In questo annus orribilis c’è una varietà che si salva, il castagno. Affetto di recente dal cinipide, adesso sta guarendo e la produzione di miele, in alcune zone in montagna, si è salvata. “Il settore è forte, le associazioni sono attive, molta gente è sempre più incuriosita – aggiunge Valleri – certo, le difficoltà ci sono, ma si stringe i denti e si va avanti. Il settore nonostante tutto è in espansione, anche perché è più “mobile”. Se un terreno agricolo è in difficoltà non ci puoi far niente.

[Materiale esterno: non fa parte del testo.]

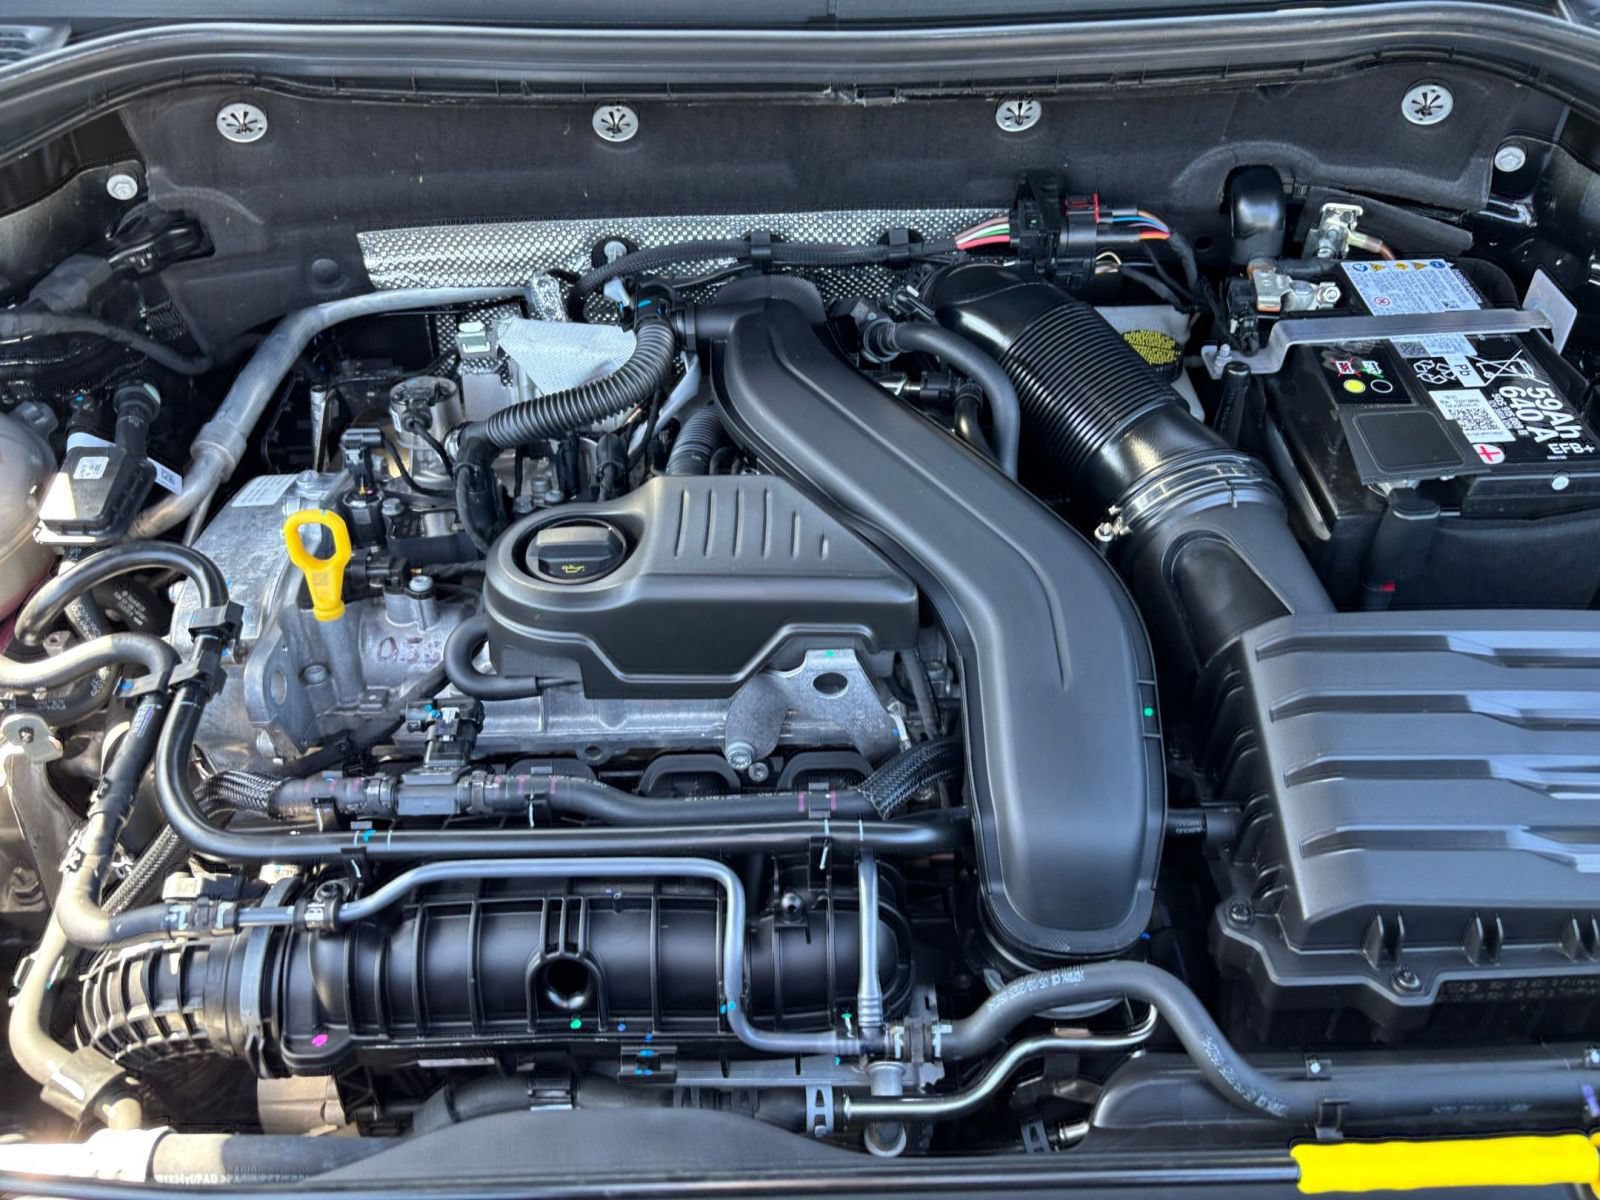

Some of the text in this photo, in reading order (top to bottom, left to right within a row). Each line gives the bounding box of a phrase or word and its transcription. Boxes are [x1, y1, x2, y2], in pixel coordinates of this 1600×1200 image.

[1454, 363, 1471, 376] Pb
[1499, 385, 1545, 422] 640
[1526, 425, 1560, 443] A
[1526, 386, 1582, 439] 59Ah
[1547, 442, 1595, 454] EFB+
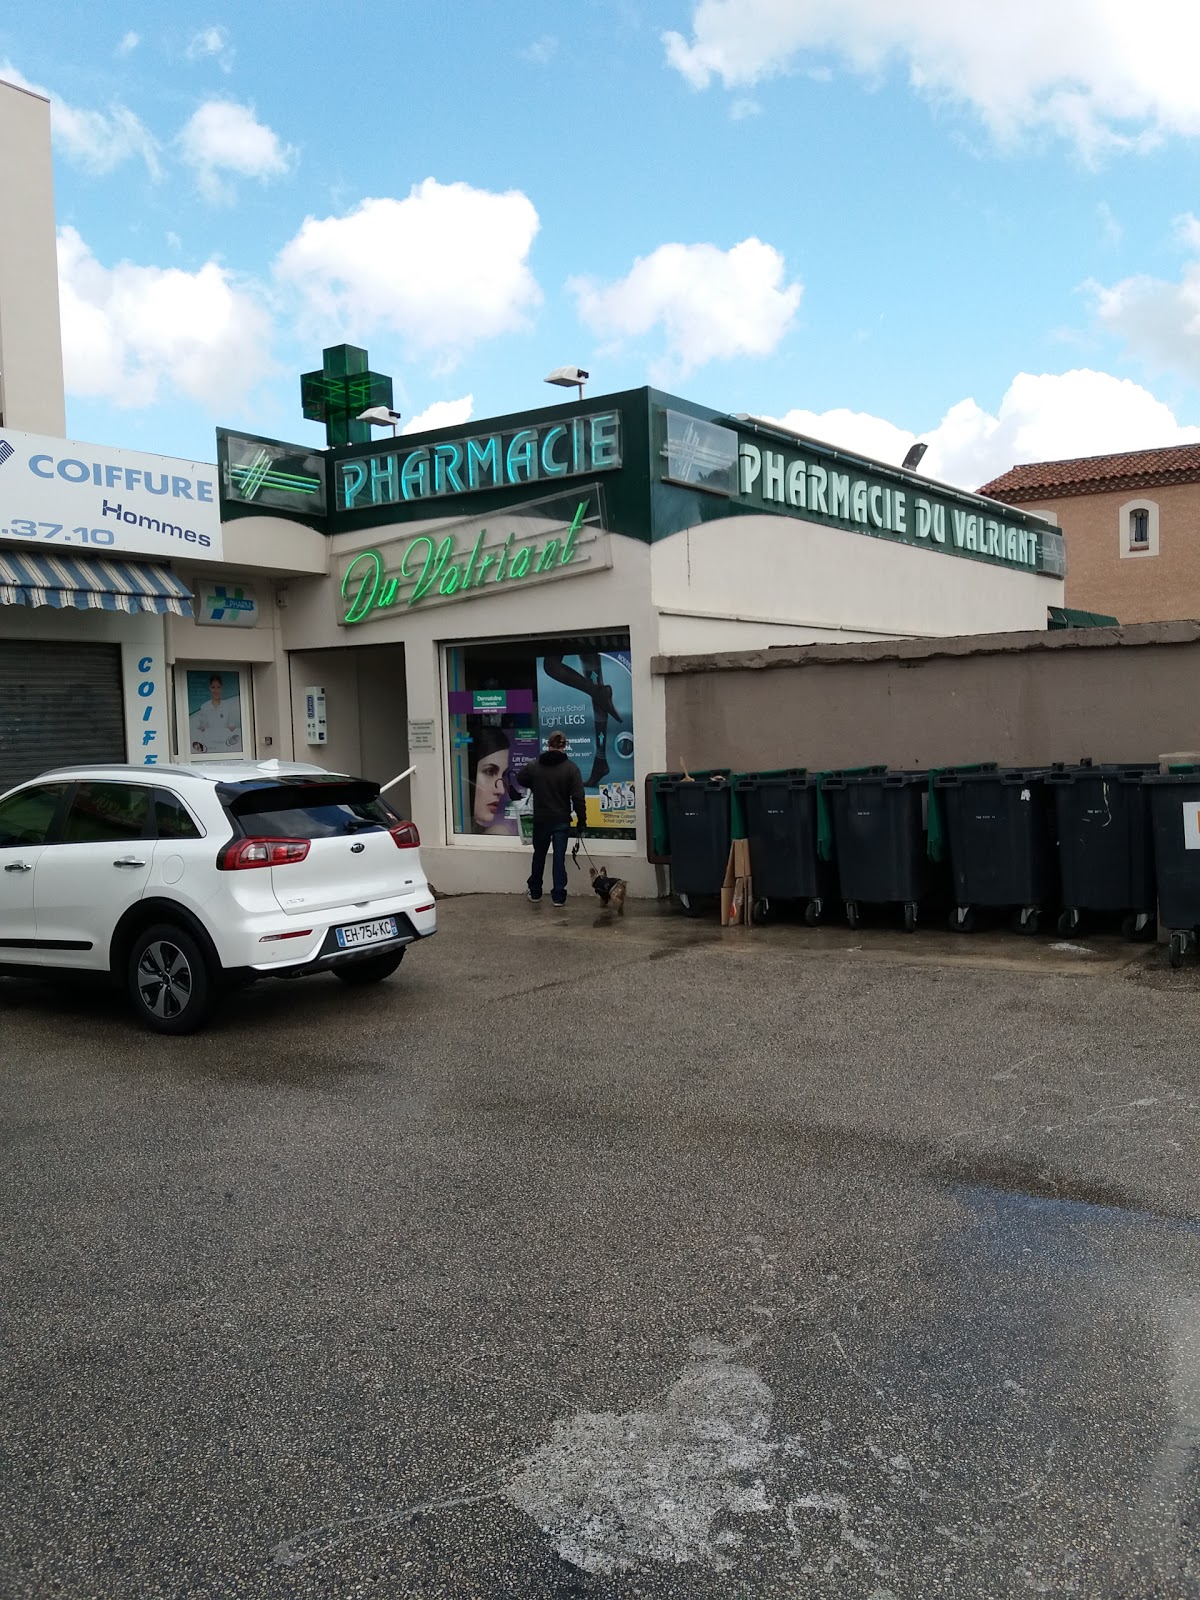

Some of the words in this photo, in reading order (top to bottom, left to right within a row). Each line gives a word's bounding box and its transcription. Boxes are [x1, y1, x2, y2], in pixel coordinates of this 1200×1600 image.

[28, 454, 214, 503] COIFFURE
[341, 412, 620, 508] PHARMACIE
[102, 499, 211, 548] Hommes
[738, 443, 907, 533] PHARMACIE
[915, 498, 946, 543] DU
[951, 508, 1038, 566] VALRIANT
[341, 548, 400, 622] Du
[401, 498, 591, 607] Valriant
[540, 705, 565, 713] Collants
[566, 704, 586, 712] Scholl
[541, 715, 562, 728] Light
[564, 714, 586, 725] LEGS
[344, 922, 392, 943] EH-754-KC

Le aziende che producono miele sono dinamiche, non stanno chiudendo. Molte si stanno specializzando in altre attività come la vendita di regine e la produzione di polline e pappa reale. Non c’è solo il miele”.

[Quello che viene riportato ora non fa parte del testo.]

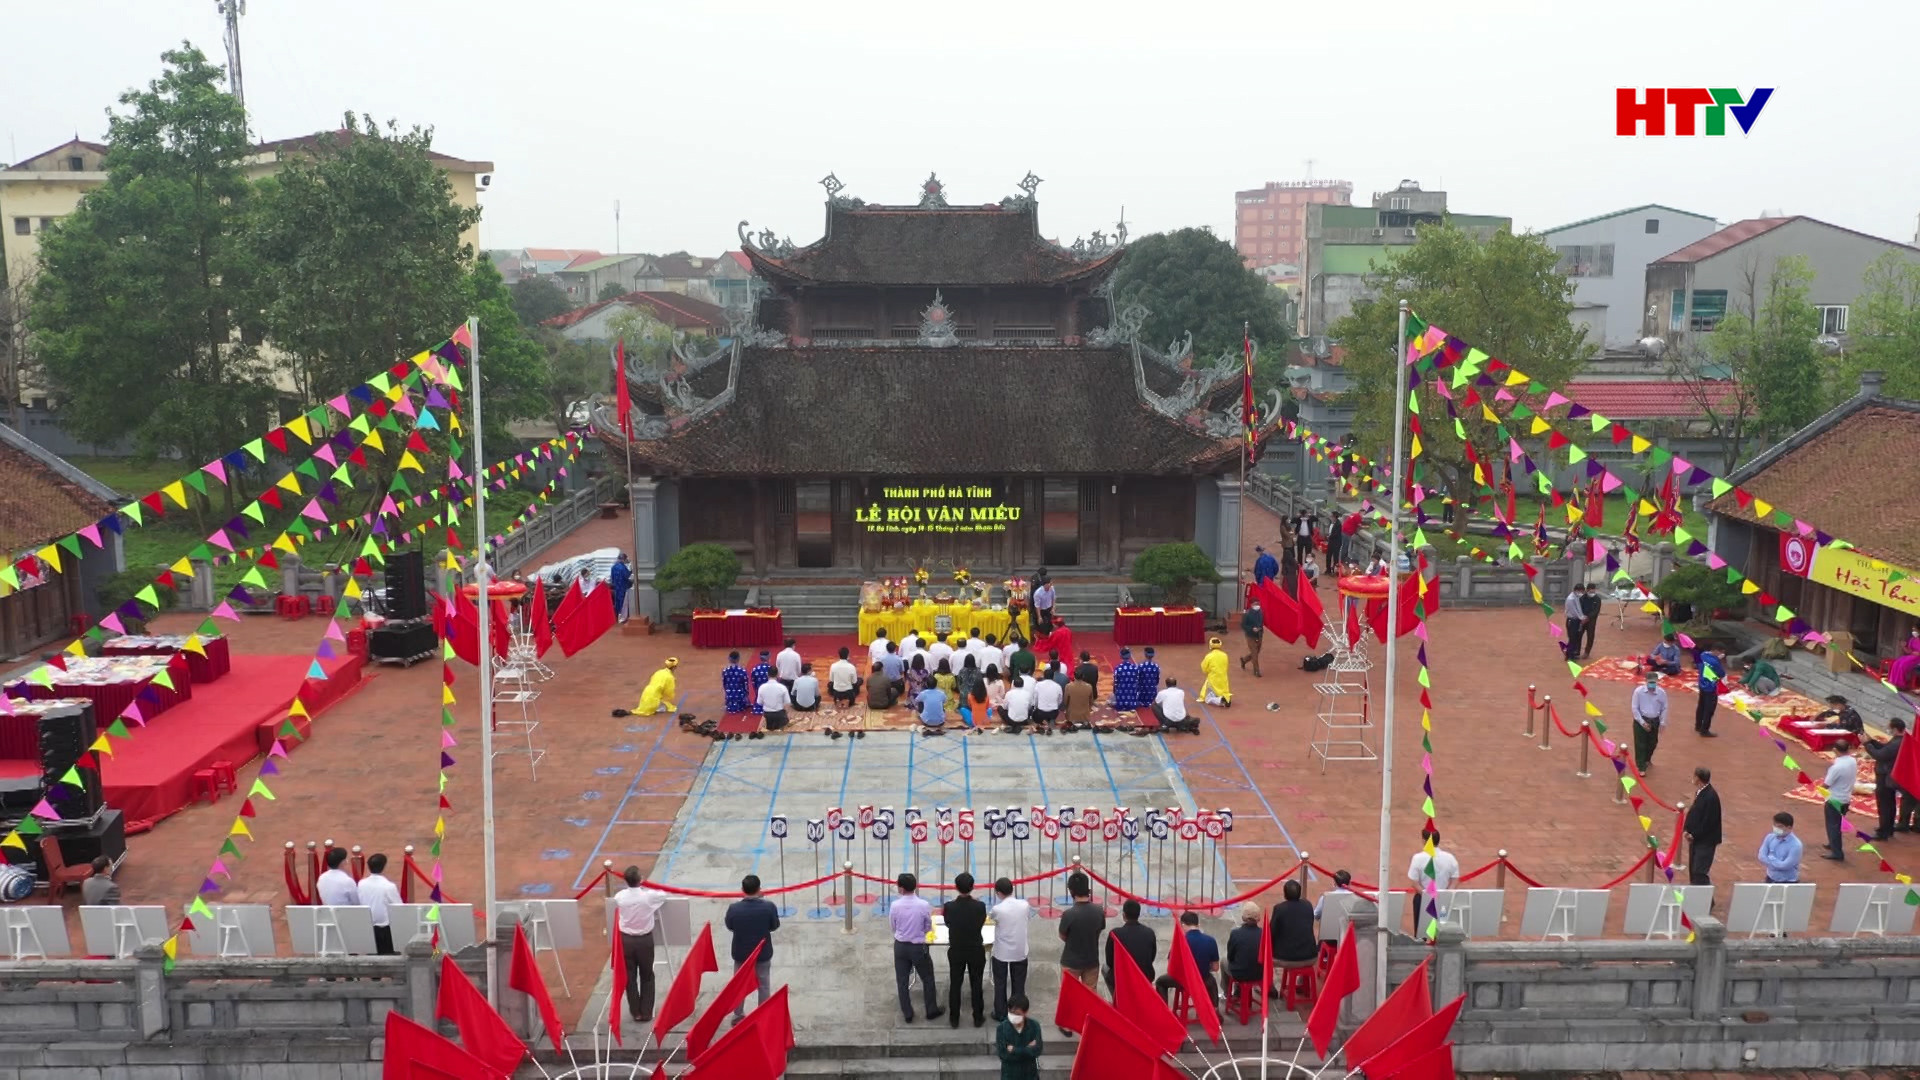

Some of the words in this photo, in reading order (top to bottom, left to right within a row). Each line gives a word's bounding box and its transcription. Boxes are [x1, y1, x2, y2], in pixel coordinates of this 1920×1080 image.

[883, 486, 919, 498] THÀNH
[923, 484, 945, 498] PHỐ
[948, 486, 963, 498] HÀ
[966, 485, 992, 498] TĨNH
[855, 502, 881, 522] LỄ
[887, 505, 921, 524] HỘI
[926, 505, 965, 522] VĂN
[970, 502, 1021, 521] MIẾU

Michele Valleri farà un intervento al convegno della “Settimana del Miele”, tra i principali appuntamenti del settore a livello nazionale, che si terrà a Montalcino dall’8 al 10 settembre grazie alla collaborazione tra le associazioni apistiche della Toscana e Asga (Associazione Senese Grossetana Apicoltori), che da oltre 40 anni tutela le aziende del settore nei territori di Siena, Grosseto e Arezzo. “Parlerò dei dati di produzione regionali, che riguardano tutta la stagione visto che ormai è finita. Il clima ci sta dando dei segnali, il trend ormai è questo. Negli ultimi dieci anni, sono stati di più quelli negativi che quelli positivi”.

Non è un caso che la sede della “Settimana del Miele” sia a Montalcino, cuore pulsante di una regione da sempre rinomata per la produzione di miele. Sono ben 4657 infatti gli apicoltori con sede legale in Toscana. Di questi, il 40% sono aziende che commercializzano la propria produzione. Sono quindi imprenditori agricoli a tutti gli effetti, visto che l’apicoltore è un agricoltore riconosciuto tale dalla legge. Il totale degli alveari presenti in anagrafe sono ad oggi 98.172 (di cui il 73% è detenuto dagli apicoltori che producono per la commercializzazione del prodotto).

Il miele rappresenta dunque un settore decisamente importante per la Toscana. E nonostante le mille difficoltà, l’interesse per il dolce prodotto continua ad aumentare. Le aziende agricole che hanno nelle api l’attività esclusiva o prevalente sono in crescita, e molti giovani vedono nell’apicoltura, oltre che una passione, l’opportunità di costruirsi una fonte di reddito. “L’amore per l’apicoltura c’è e ci sarà per sempre – sottolinea Monica Cioni, presidente della Settimana del Miele – è vero, il clima fa paura e l’ape è sensibile al cambiamento climatico e a tutti i trattamenti fatti in agricoltura. Ma non deve essere un motivo per mollare. L’apicoltura è una vocazione, se non ti piace non puoi farla. Chi ama la natura la porterà sempre avanti”. Sono segnali di fiducia, di speranza, di buon auspicio. Anche se il futuro appare minaccioso.